Winners of the 8th China Charity Awards last year in Beijing celebrate the recognition of their contribution to charities. Provided to China Daily |
New rules cover judging, number of prizes and switching event to every two years
A senior civil affairs official recently announced changes to the rules and selection process of the China Charity Award.
The moves follow a media report that businesswoman Ding Shumiao, who won an award for her contribution to philanthropic causes in 2009, was charged with bribing Liu Zhijun, the former minister of railways, to accumulate her huge wealth.
Ding was involved in bidding for dozens of railway projects through railway ministry staff members and engaged in illegal business operations valued at 178.8 billion yuan ($29.05 billion).
The 59-year-old billionaire from Shanxi province donated about 114 million yuan for disaster-relief work after the Wenchuan earthquake in 2008. She also gave 150 million yuan in 2009 to set up a fund, run by the China Women Development Foundation, for improving the well-being of poverty-stricken mothers in less-developed western regions of China.
Winners found to have engaged in fraudulent behavior or broken the law will be stripped of their prizes and banned from future nomination for six years, said Zhan Chengfu, director of the division of social welfare and charity at the Ministry of Civil Affairs, at a recent Beijing press conference.
Zhan said changes to the selection process also include lists of nominees being made public online and the numbers of votes each candidate receives from netizens being important reference for the judging panel.
Members of the judging panel will be chosen randomly and anyone who has ties with a nominee must abstain from voting for them.
In future, the China Charity Award will be held once every two years and the number of winners will be reduced from 100 to 50.
"Changes to the rules will make the prize more valuable," he said.
More than 260 individuals and some 360 companies have received honors since the ministry launched the award in 2005.
Deng Guosheng, who specializes in philanthropic studies as director of Tsinghua University's NGO Research Center, said the China Charity Award has played a positive role in motivating more entrepreneurs and organizations to participate in charities and promoting a philanthropic culture in society.
Deng, a former member of the judging panel, urged the organizers to do more to make the nomination and selection process fairer.

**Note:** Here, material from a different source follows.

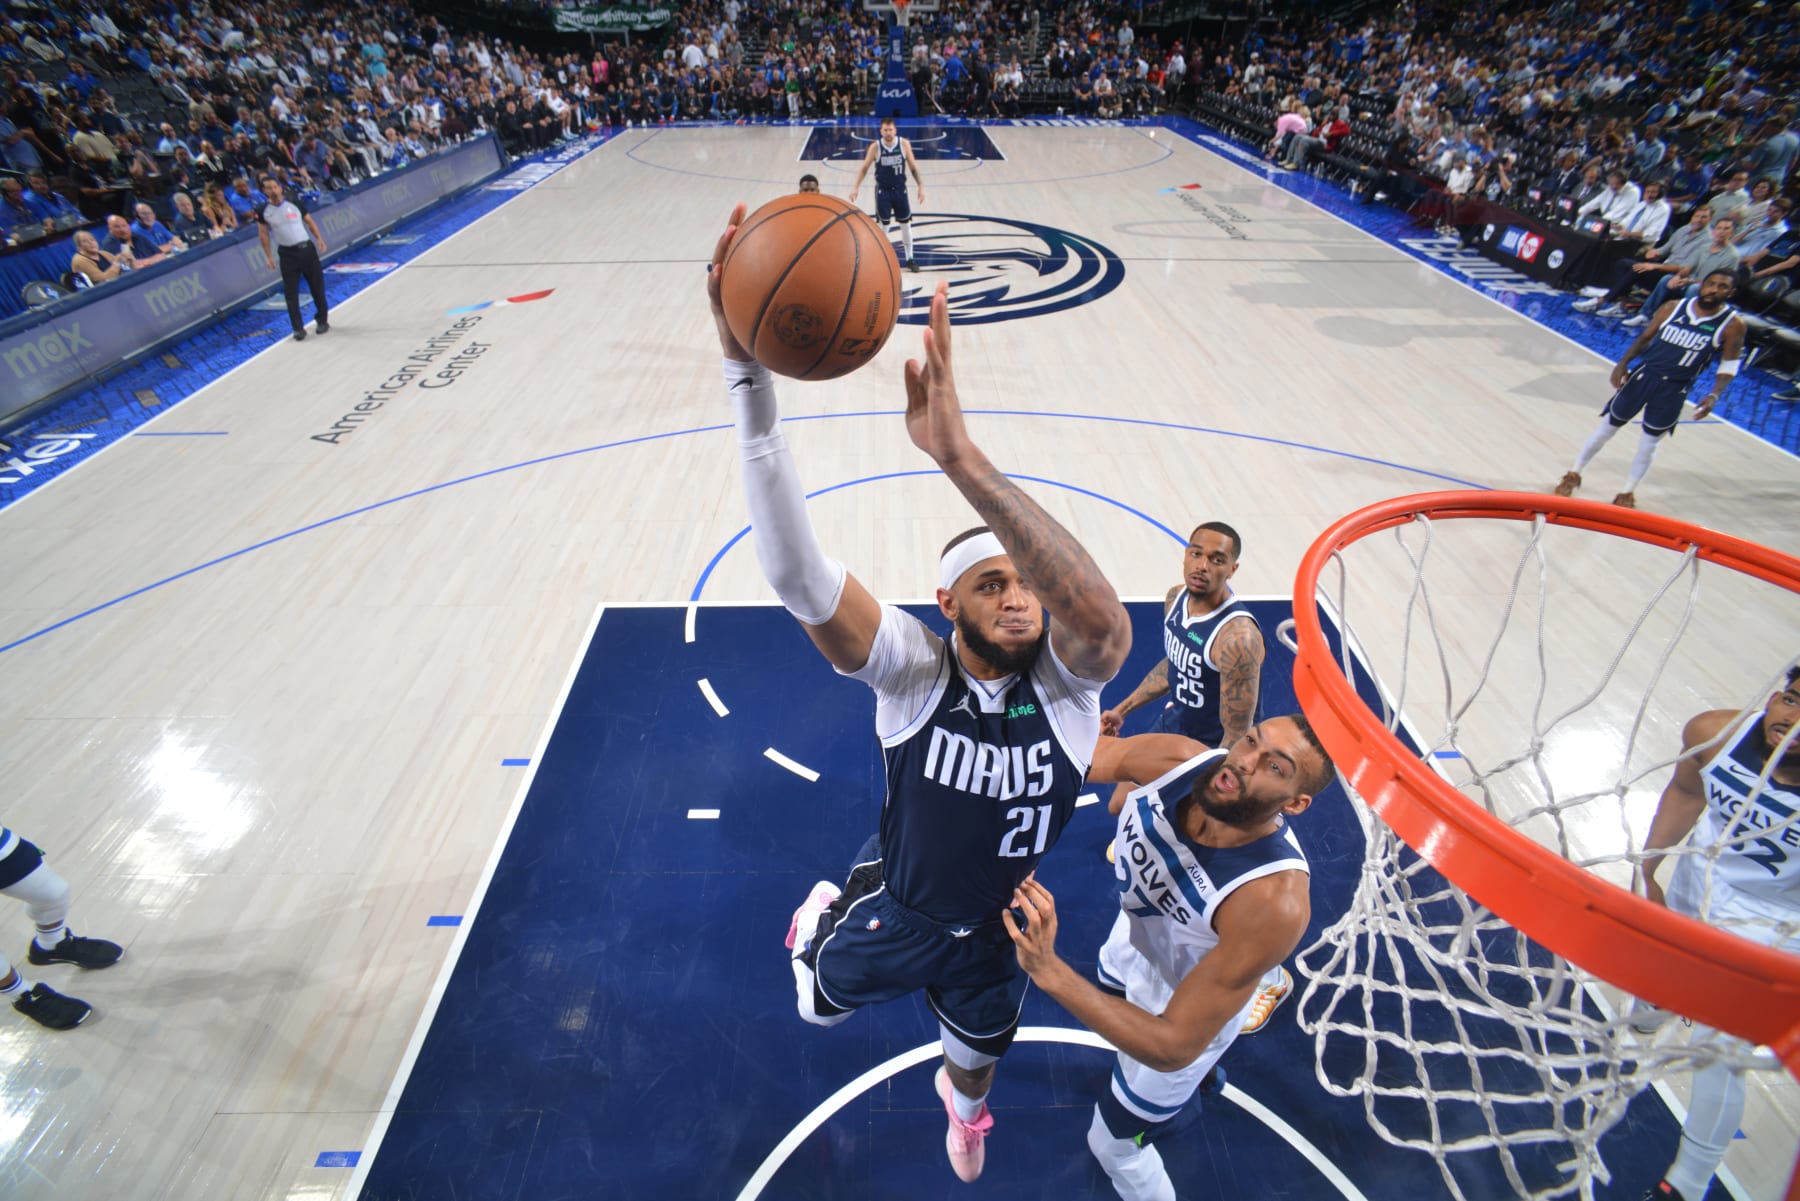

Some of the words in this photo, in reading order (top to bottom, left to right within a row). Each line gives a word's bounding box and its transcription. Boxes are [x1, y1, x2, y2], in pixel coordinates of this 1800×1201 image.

"As criteria for the list of candidates were often vague, members of the judging panel voted in line with their feelings or simply favored those candidates who donated the largest amounts, ignoring factors such as the social effect of the candidates' donation and whether the donors sought publicity rather than helping those in need," he said.
Deng also suggests the organizers give judges the opportunity to sit down together and discuss their choices instead of voting independently online.
Song Zonghe, deputy editor-in-chief of the China Social Welfare magazine, believes that the organizers should evaluate each candidate's contribution in philanthropy in a more holistic way.
"The amount of donation should not be the only criterion," he said. "Other 'soft indices' should be considered such as the social influence, public education and promotion of philanthropic culture that the candidates made through their charitable donations or projects."